◆ **Task brief**
The answer is all of the data repeated exactly, with each picture omitted.

Source data:
━━━━━━━━━━
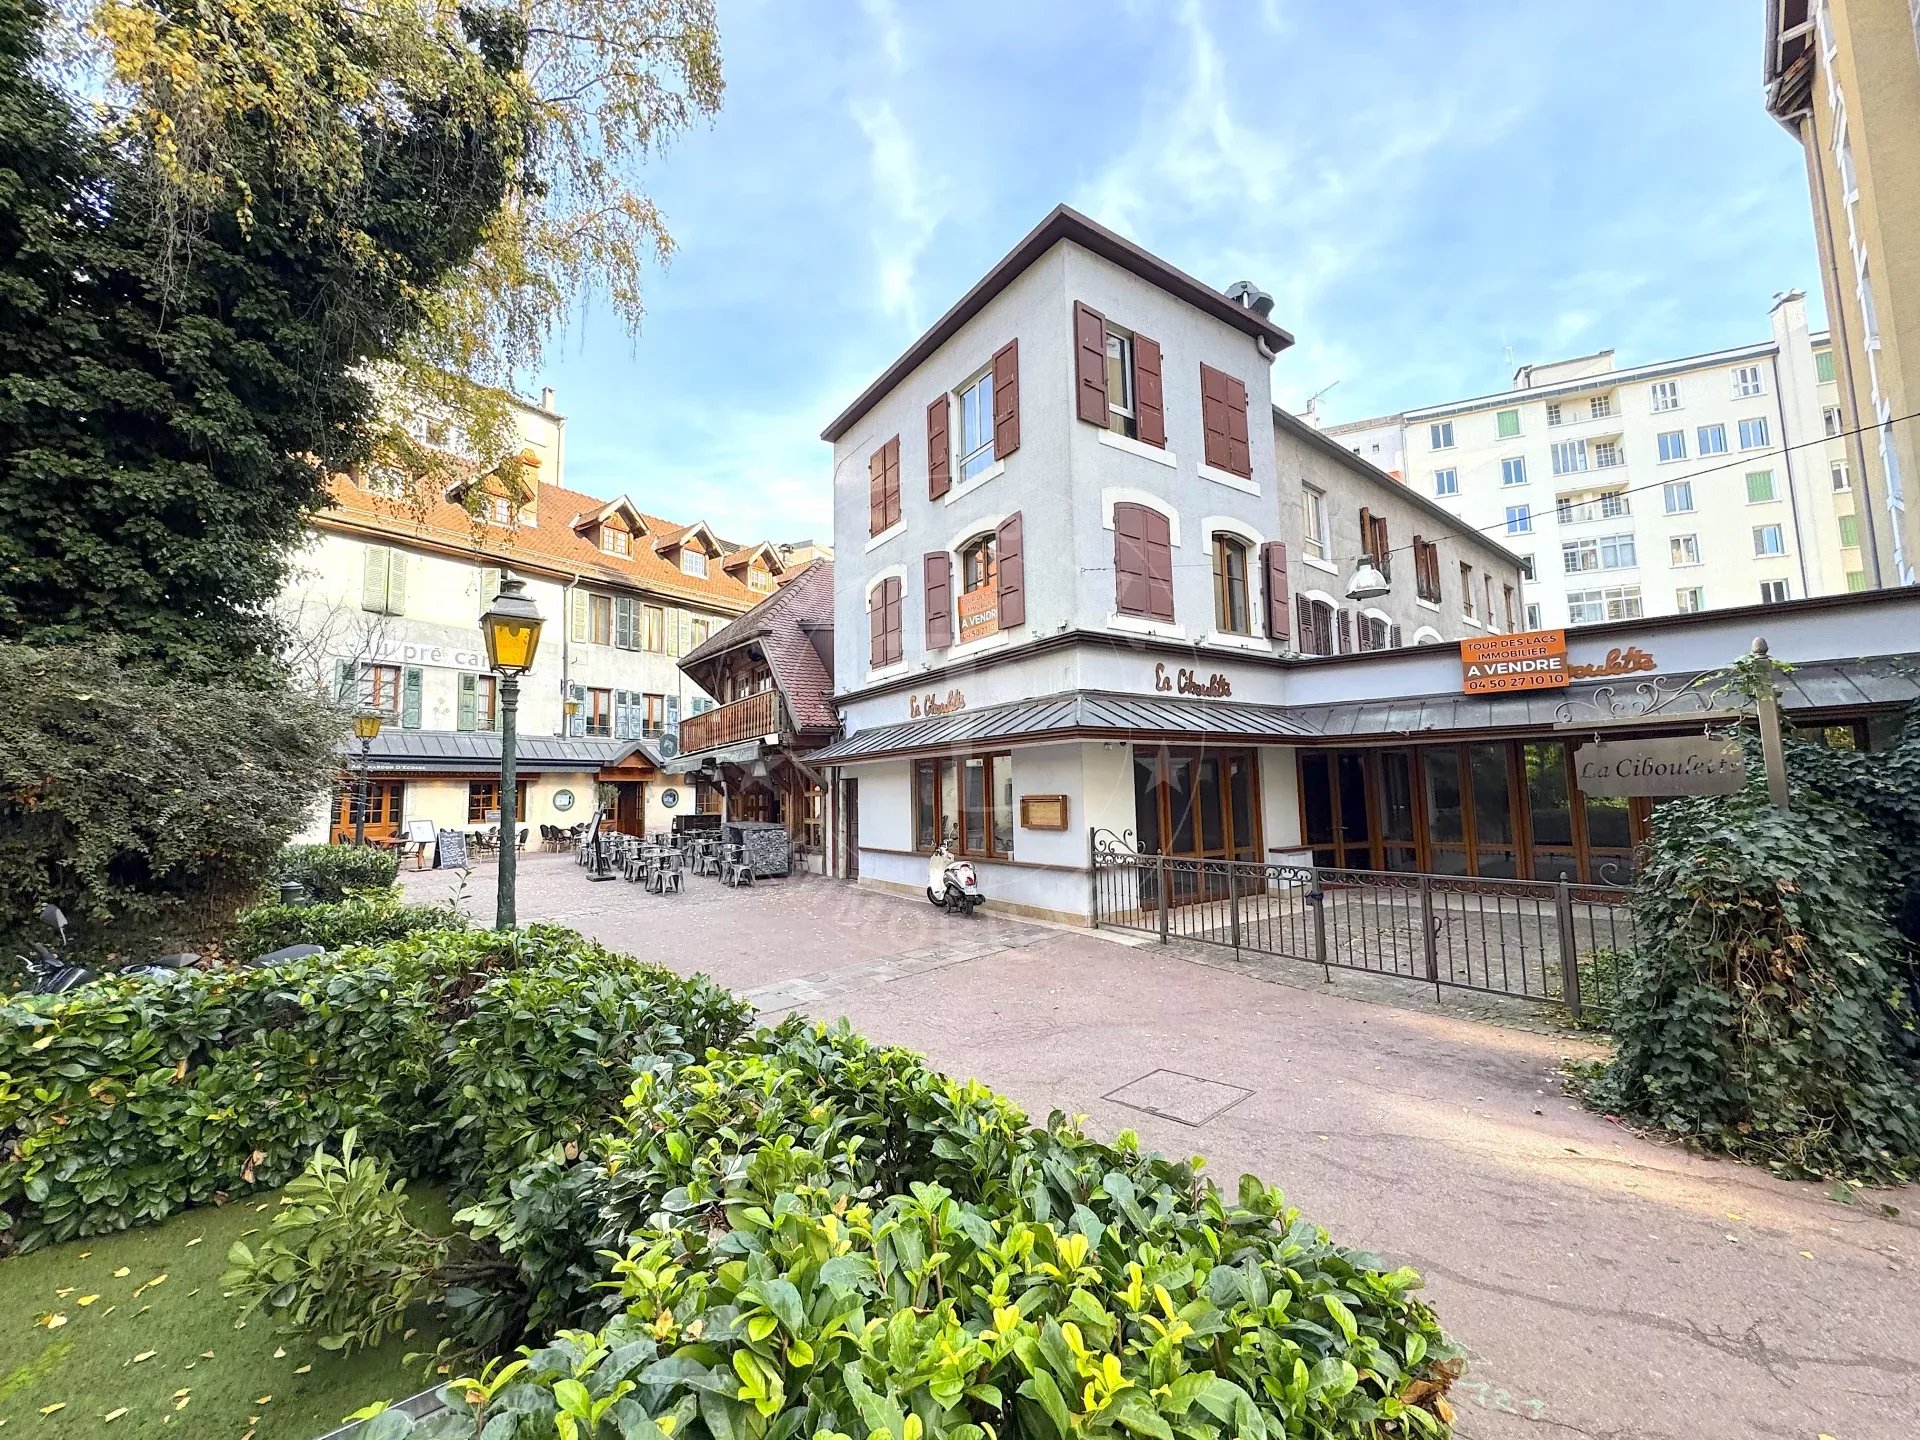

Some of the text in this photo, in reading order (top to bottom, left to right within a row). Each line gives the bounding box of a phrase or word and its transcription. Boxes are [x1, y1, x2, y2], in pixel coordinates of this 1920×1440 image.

[962, 608, 998, 628] A VENDR
[1467, 635, 1557, 651] TOUR DES LACS
[1477, 647, 1548, 661] IMMOBILIER
[1467, 657, 1562, 677] A VENDRE
[1469, 674, 1564, 690] 04 50 27 10 10
[1580, 754, 1742, 779] La Ciboulette
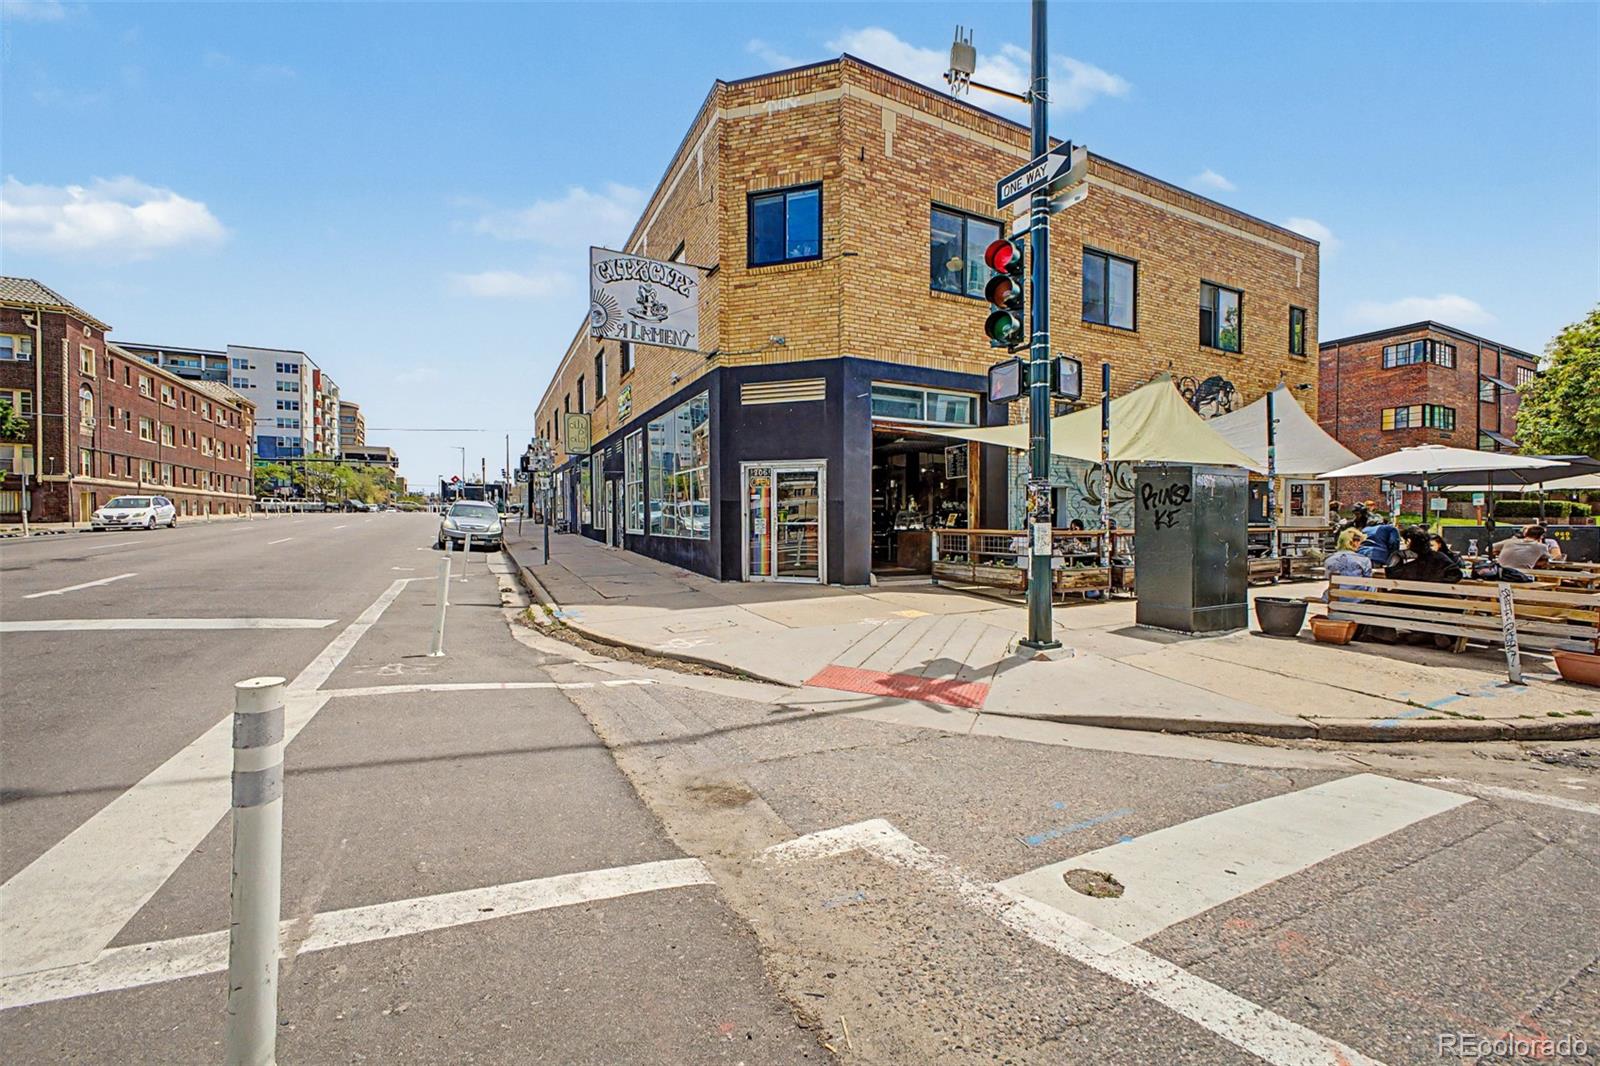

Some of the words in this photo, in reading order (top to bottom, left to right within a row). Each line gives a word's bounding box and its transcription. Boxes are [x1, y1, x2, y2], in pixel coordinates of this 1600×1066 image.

[1003, 177, 1023, 198] ONE
[1025, 163, 1048, 185] WAY
[591, 259, 647, 284] CITY
[648, 260, 698, 298] CITY
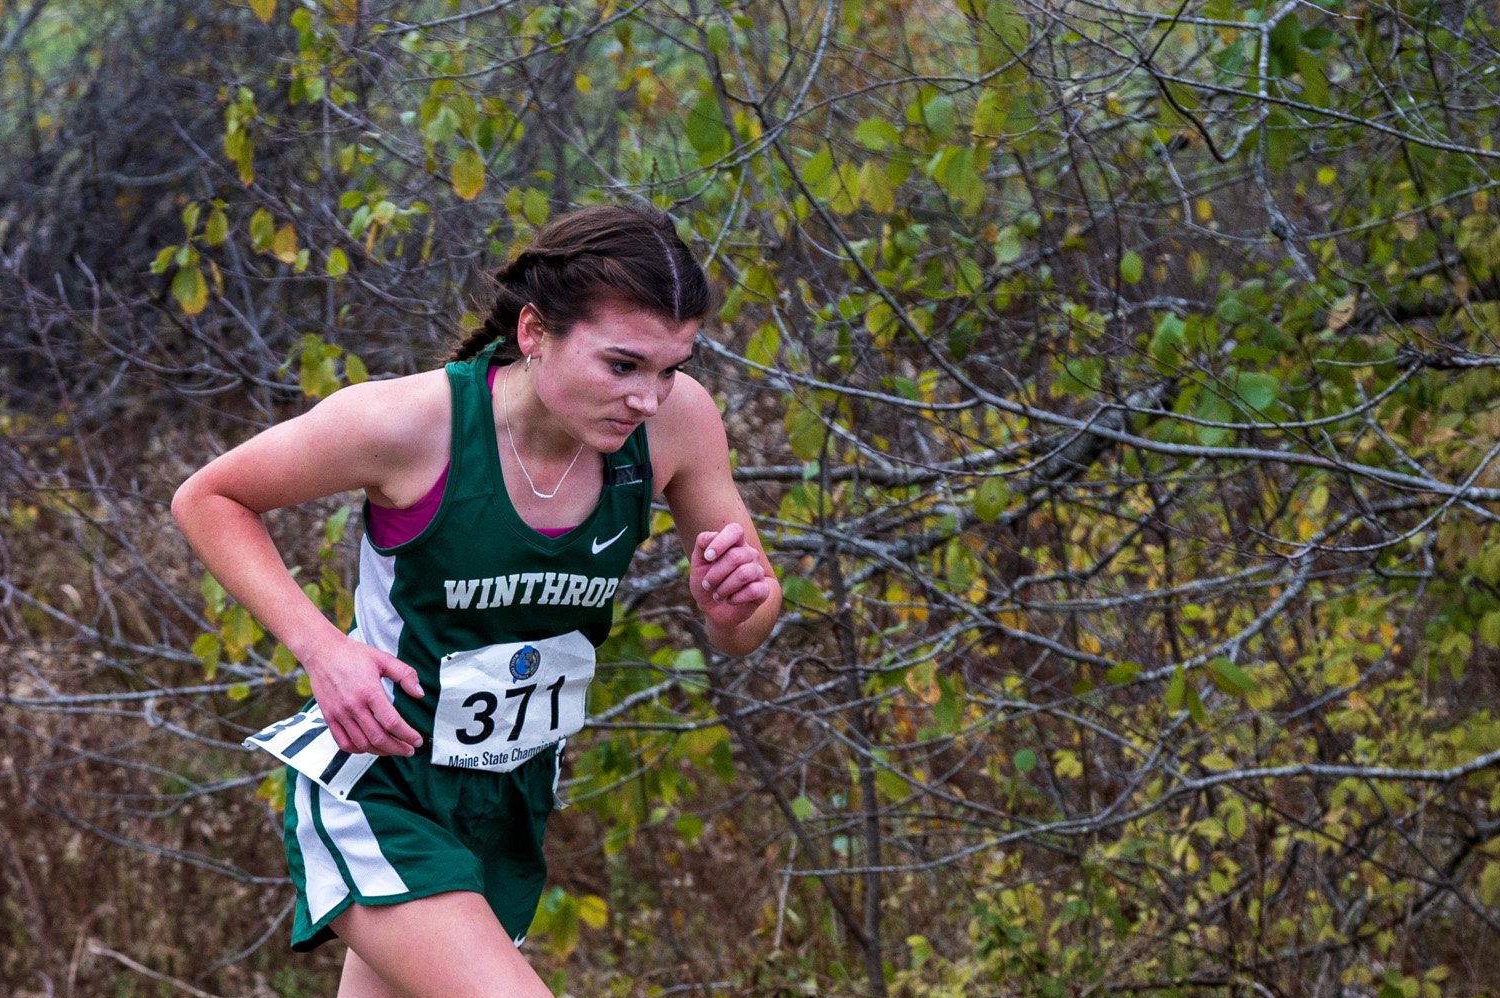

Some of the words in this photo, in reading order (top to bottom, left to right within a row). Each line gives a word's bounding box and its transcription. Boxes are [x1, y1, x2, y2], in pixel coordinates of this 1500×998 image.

[443, 571, 619, 610] WINTHROP
[455, 675, 566, 746] 371
[448, 754, 479, 768] Maine
[482, 751, 509, 766] State
━━━━━━━━━━
◆ **The completed task**
Some of the text in this photo, in reading order (top to bottom, left to right within a row). Each line gives the bounding box of a phrase or word and its transcription. Boxes are [x1, y1, x2, y2], in pixel coordinates of this 1920×1440 image.

[962, 608, 998, 628] A VENDR
[1467, 635, 1557, 651] TOUR DES LACS
[1477, 647, 1548, 661] IMMOBILIER
[1467, 657, 1562, 677] A VENDRE
[1469, 674, 1564, 690] 04 50 27 10 10
[1580, 754, 1742, 779] La Ciboulette

Some of the words in this photo, in reading order (top to bottom, left to right within a row). Each line gives a word's bounding box and its transcription. Boxes are [x1, y1, x2, y2], in pixel coordinates of this 1600×1066 image.

[1003, 177, 1023, 198] ONE
[1025, 163, 1048, 185] WAY
[591, 259, 647, 284] CITY
[648, 260, 698, 298] CITY

Some of the words in this photo, in reading order (top to bottom, left to right within a row). Each line gives a word's bounding box and its transcription. Boxes are [x1, y1, x2, y2], in pixel coordinates of this 1500×998 image.

[443, 571, 619, 610] WINTHROP
[455, 675, 566, 746] 371
[448, 754, 479, 768] Maine
[482, 751, 509, 766] State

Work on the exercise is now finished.